Had a fully, yet excited day in Mumbai yesterday. Early morning at 8.30 am (and that's really very early for India) I met up with my friend Sasha Mirchandani from Blue Run Ventures and Amit Grover from Onida. Sasha is the founder of MumbaiAngels which I joined a few months ago, Amit is with highest efficiency and dedication taking care of operational matters with approximately 70 angel investors by now. Sometimes this seems to me like the challenge herding cats ;-)
We had an inspiring peer-2-peer exchange with respect to best practises on the entire value chain of creating deal-flow to closing a deal. In the context of funding I understood that some angel investors have become a bit hesitant since their stock-portfolios in India got destroyed whilst uncertainty has started to cover the entire economy. At the same time, as Google-founder Sergey Brin put it recently, "Scarcity creates Clarity. In my interpretation also in the sense that certain business ideas will thrive in a rather downturn economy as they help companies consolidate their act through cost savings when management attention is not just obsessively concerned with hyper-growth.

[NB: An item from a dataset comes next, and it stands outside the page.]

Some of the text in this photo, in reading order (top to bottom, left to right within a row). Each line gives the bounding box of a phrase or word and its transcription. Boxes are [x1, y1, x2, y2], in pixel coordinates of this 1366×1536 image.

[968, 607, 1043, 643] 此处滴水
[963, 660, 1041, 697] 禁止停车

In the afternoon, like a year and two ago, I joined an invitation by INSEAD for its "globalization course" for a Danish Business School. The participants were all senior executives in Denmark who are undergoing an MBA-training. Three groups of companies presented to us their "India Business Concept" and we were supposed to give constructive feedback and share our experience on "founding and running a business in India".
Between the breaks, us panelists exchanged our current state of affairs when it's no point denying that we are in a recession:
- One young entrepreneur told the story from above from the MumbaiAngels from her perspective (unrelated to MumbaiAngels, yet to investors in general): In spite of a signed MoU, the investors backed out in the last minute.

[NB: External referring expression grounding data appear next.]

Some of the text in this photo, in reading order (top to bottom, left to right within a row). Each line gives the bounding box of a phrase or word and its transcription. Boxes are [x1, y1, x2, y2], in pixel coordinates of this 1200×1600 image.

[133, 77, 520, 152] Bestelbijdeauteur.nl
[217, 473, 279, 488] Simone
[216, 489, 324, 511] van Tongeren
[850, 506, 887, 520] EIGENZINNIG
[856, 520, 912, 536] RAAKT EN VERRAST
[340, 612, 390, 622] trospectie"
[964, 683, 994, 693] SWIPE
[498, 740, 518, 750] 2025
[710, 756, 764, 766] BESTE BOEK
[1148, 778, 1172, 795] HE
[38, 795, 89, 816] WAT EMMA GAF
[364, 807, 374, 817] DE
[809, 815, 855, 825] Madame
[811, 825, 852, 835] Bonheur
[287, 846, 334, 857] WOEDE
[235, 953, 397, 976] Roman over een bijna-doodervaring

- The head of a globally active petrol retail company lost a higher double digit figure of his revenues when the oil price hit US$ 140 per barrel a few months ago. Reason: His company is privately run and therefore fully exposed to the price fluctuations it has to pass on to the customers while the majority of petrol-retail in India is state-run and heavily subsidized. In the meanwhile the price has dropped and the company's revenue recovered.

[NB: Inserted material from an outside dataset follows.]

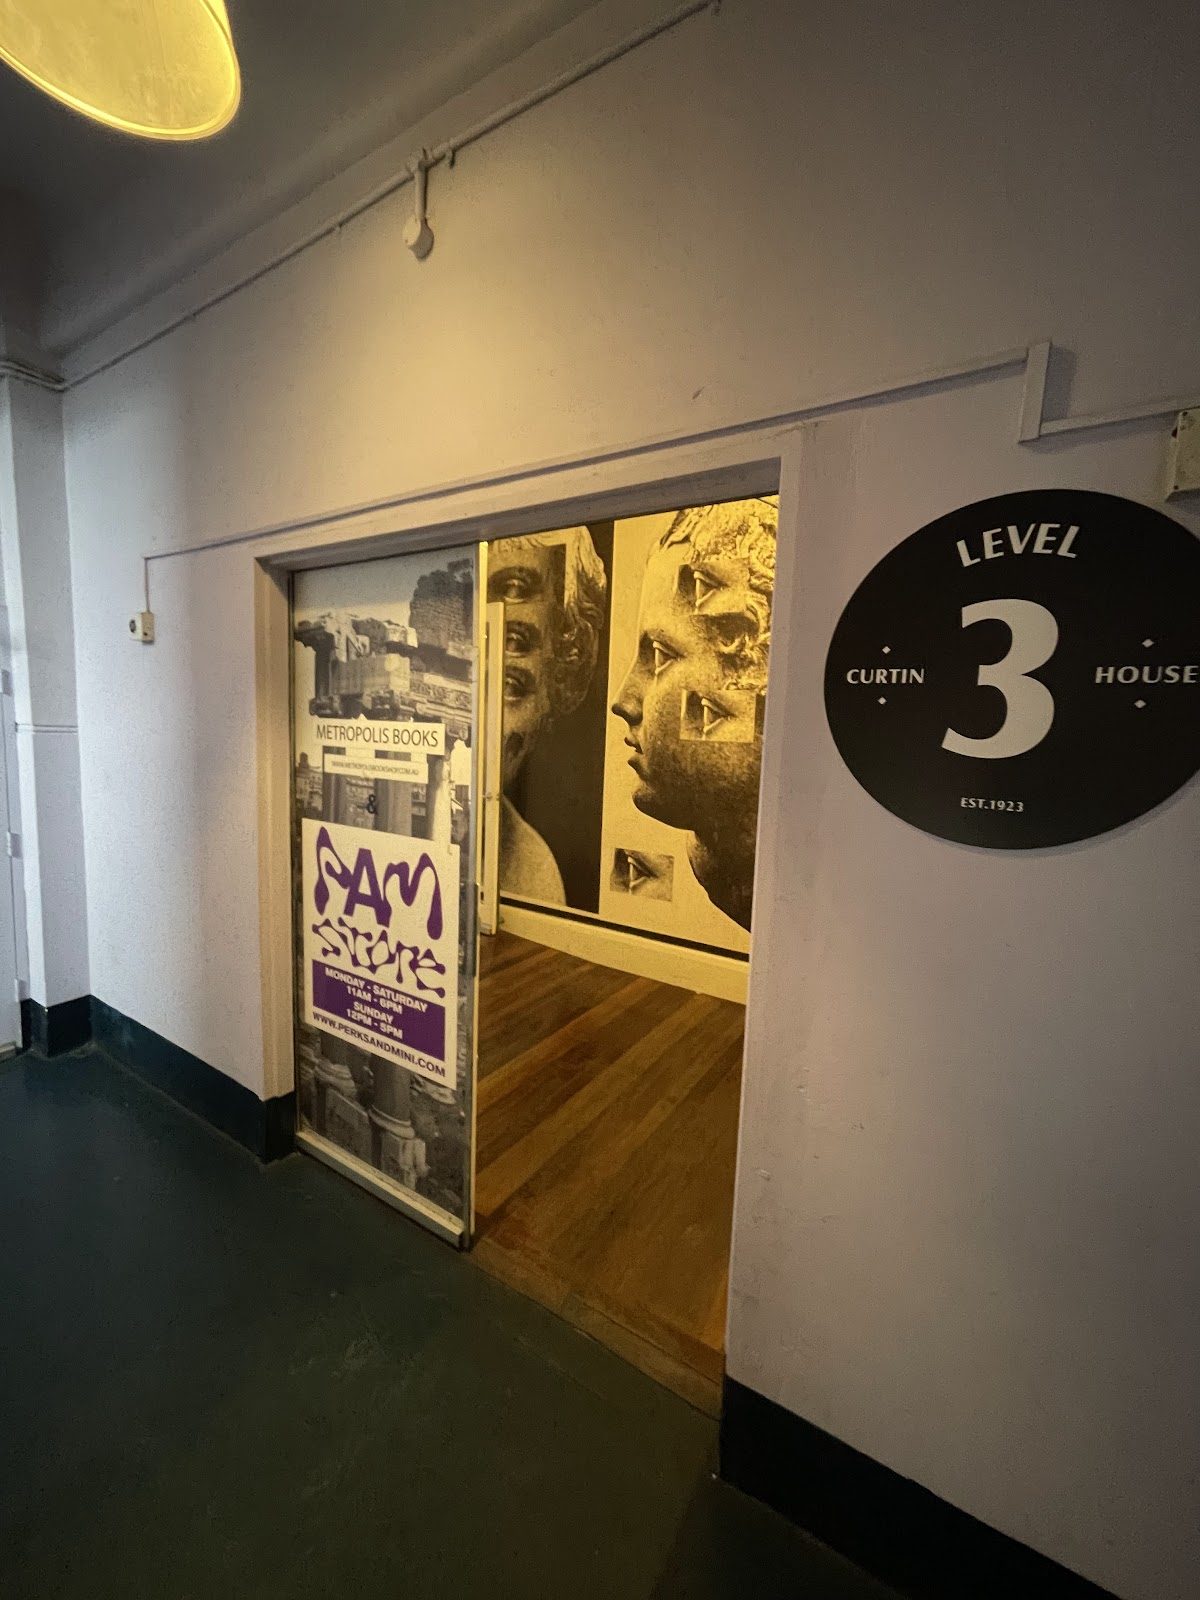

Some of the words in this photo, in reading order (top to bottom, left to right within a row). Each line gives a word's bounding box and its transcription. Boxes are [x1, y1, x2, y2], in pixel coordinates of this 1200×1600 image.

- The India-responsible for a luxury clothing brand reported that two months ago, customer inflow into his stores has become incredibly lame. Understood that this sector gets hit first, as it is certainly not somebody's primary concern in uncertainty to spend EUR 1.800 on a new suit.
All in all quite eye-opening stories I wanted to share here, especially as they come from so many different angles: investment, consumption, government-spending where everything is related/looped to everything and we practically have the entire macroeconomic equation in front of us. Although one where the maths have recently become a bit shaky.





hmm good post, the only industry which i feel will not face recession in India or anywhere is medical industry, medicines are necessity, and i feel that this industry will never face any downtime…. what you say?